It's a tricky thing comedy and improvisation has to be one of the toughest genres.

There are no scripts to rely on. Instead, actors make up scenes on the spot based on scenarios suggested by the audience.

The danger would be having a show where none of the jokes are timed properly, or there simply are no jokes because nobody has time to think of anything funny.

Luckily, The Mayday Players hit the spot more often than they missed it and their show was performed with enough of a sense of fun that occasional mishaps were forgiven.

It was all part of the fun and compere John Cremer encouraged the audience to groan when a scene or a joke didn't quite work.

The show followed a similar format to Channel 4's long-running early-Nineties programme Whose Line Is It Anyway?, with a series of "games" which were played out using suggestions from the audience.

The audience participation element led to a series of side-splitting scenes at the Players show.
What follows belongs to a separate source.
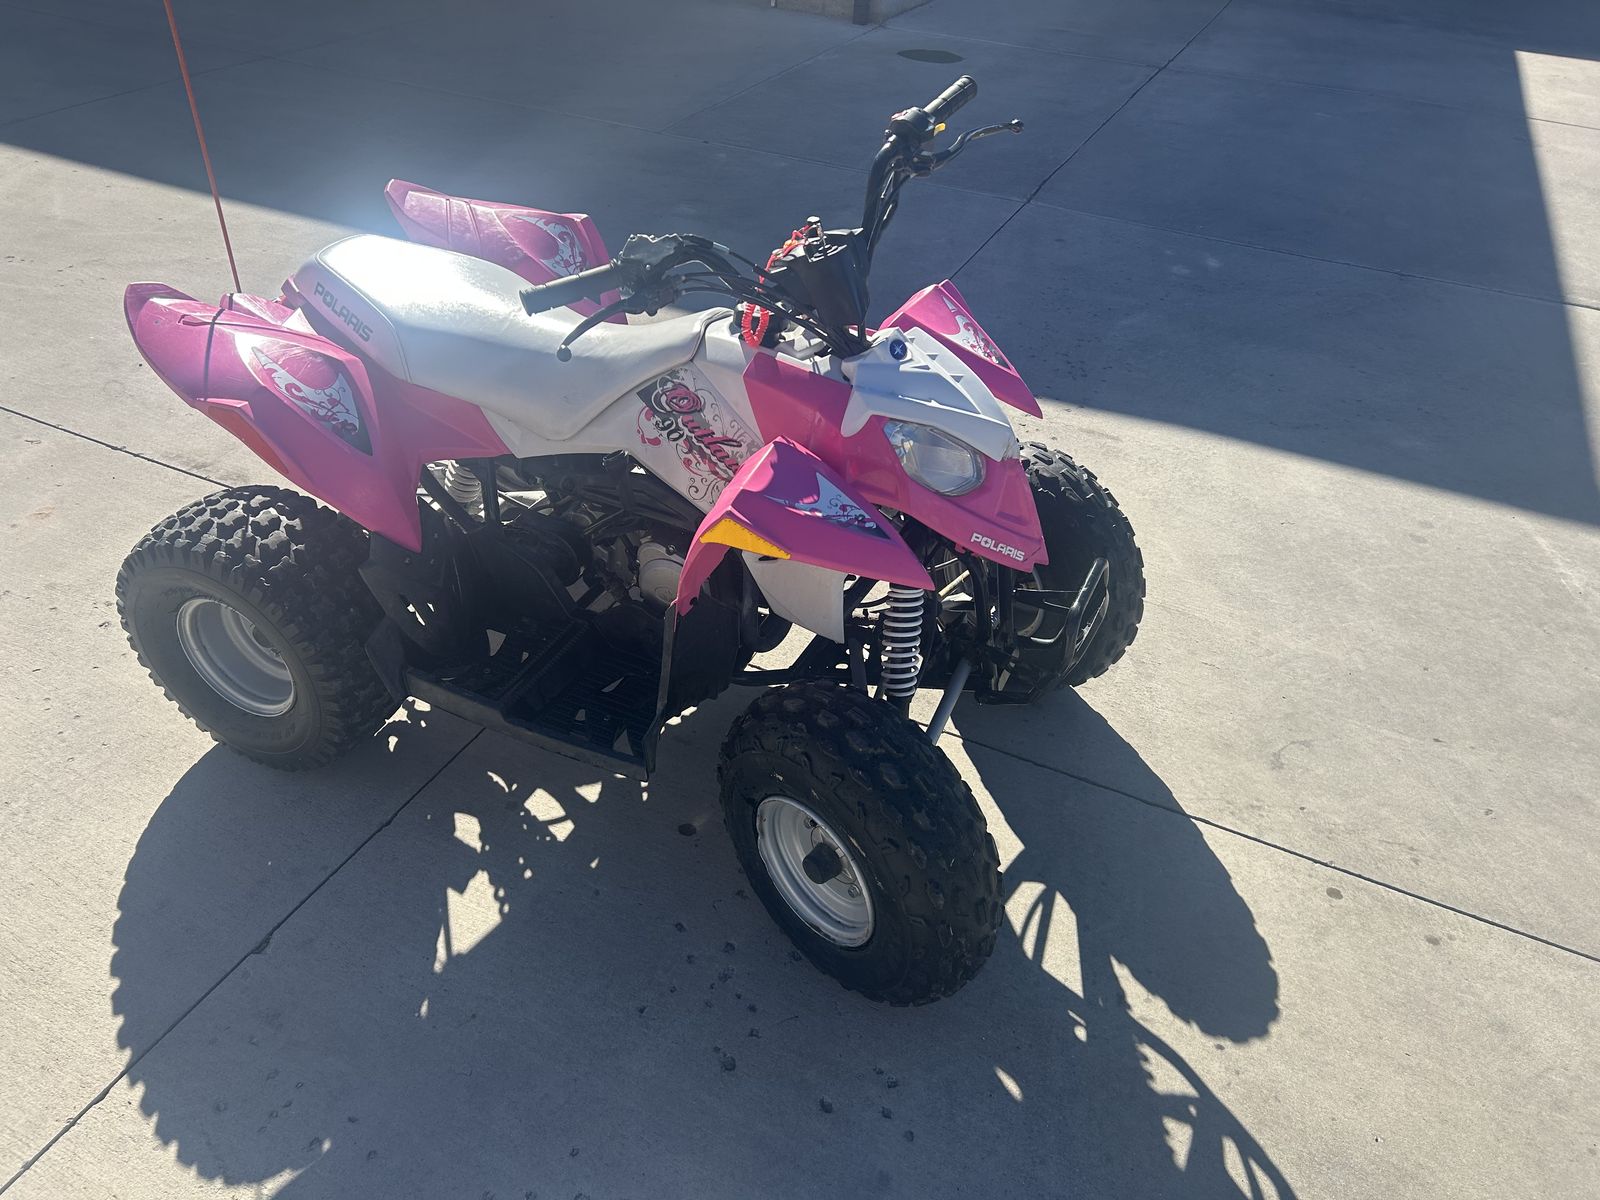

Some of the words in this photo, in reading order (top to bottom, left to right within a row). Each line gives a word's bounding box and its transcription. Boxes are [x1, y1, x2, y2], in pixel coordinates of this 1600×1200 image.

[313, 281, 373, 342] POLARIS
[655, 418, 686, 442] 90
[970, 532, 1025, 562] POLARIS
In one skit, all five actors played characters at a dodgy bodypiercing studio, all suffering pre-menstrual tension. They then played out the same scene with Welsh accents, then with all five actors playing Nelson Mandela.

Another game saw the actors playing villagers whose interconnecting lives meshed in more and more bizarre and confusing ways, into a sort of domesticated Pulp Fiction set in rural Britain, with opticians and people stuck in phone kiosks instead of gangsters.

The Mayday Players offered a highly entertaining night out. The show was funny, spontaneous and the actors had diverse and interesting characters which bled into their performances, ensuring the show kept going off in more and more wacky tangents.

The Marlborough Theatre was sold out. In a show of hands, about half the audience said they had been before, showing there is demand for this sort of a night out.